(EXERCISE DIRECTIONS) Starting at the line that contains "Some of the text", restate each line word for word through the final line of the data, keeping both ends.

--- PROVIDED RECORDS ---

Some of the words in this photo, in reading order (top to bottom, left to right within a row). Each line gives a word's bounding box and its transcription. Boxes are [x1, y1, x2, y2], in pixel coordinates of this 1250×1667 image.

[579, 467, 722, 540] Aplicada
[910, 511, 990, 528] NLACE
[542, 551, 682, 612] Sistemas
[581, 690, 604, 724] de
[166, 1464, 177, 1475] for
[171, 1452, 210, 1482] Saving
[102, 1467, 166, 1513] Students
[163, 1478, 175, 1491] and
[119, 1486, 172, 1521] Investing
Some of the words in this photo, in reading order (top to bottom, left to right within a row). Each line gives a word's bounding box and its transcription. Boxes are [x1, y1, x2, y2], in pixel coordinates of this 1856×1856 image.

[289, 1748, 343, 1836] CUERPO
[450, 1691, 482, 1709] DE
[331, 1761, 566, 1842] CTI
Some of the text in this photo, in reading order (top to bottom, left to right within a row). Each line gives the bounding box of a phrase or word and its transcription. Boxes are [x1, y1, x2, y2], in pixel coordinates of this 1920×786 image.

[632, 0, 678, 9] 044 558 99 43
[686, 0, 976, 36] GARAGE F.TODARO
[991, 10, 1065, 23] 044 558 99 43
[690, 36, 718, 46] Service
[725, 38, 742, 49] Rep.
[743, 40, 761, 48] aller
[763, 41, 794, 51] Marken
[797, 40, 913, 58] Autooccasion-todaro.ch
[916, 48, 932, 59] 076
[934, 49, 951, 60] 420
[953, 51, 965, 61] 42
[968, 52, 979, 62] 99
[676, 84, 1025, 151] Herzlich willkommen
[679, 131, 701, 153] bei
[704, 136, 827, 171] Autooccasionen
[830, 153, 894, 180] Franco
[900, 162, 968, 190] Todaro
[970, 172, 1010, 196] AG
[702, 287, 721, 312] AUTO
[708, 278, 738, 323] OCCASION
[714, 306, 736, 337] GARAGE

---

(TASK RESULT)
Some of the text in this photo, in reading order (top to bottom, left to right within a row). Each line gives the bounding box of a phrase or word and its transcription. Boxes are [x1, y1, x2, y2], in pixel coordinates of this 1920×786 image.

[632, 0, 678, 9] 044 558 99 43
[686, 0, 976, 36] GARAGE F.TODARO
[991, 10, 1065, 23] 044 558 99 43
[690, 36, 718, 46] Service
[725, 38, 742, 49] Rep.
[743, 40, 761, 48] aller
[763, 41, 794, 51] Marken
[797, 40, 913, 58] Autooccasion-todaro.ch
[916, 48, 932, 59] 076
[934, 49, 951, 60] 420
[953, 51, 965, 61] 42
[968, 52, 979, 62] 99
[676, 84, 1025, 151] Herzlich willkommen
[679, 131, 701, 153] bei
[704, 136, 827, 171] Autooccasionen
[830, 153, 894, 180] Franco
[900, 162, 968, 190] Todaro
[970, 172, 1010, 196] AG
[702, 287, 721, 312] AUTO
[708, 278, 738, 323] OCCASION
[714, 306, 736, 337] GARAGE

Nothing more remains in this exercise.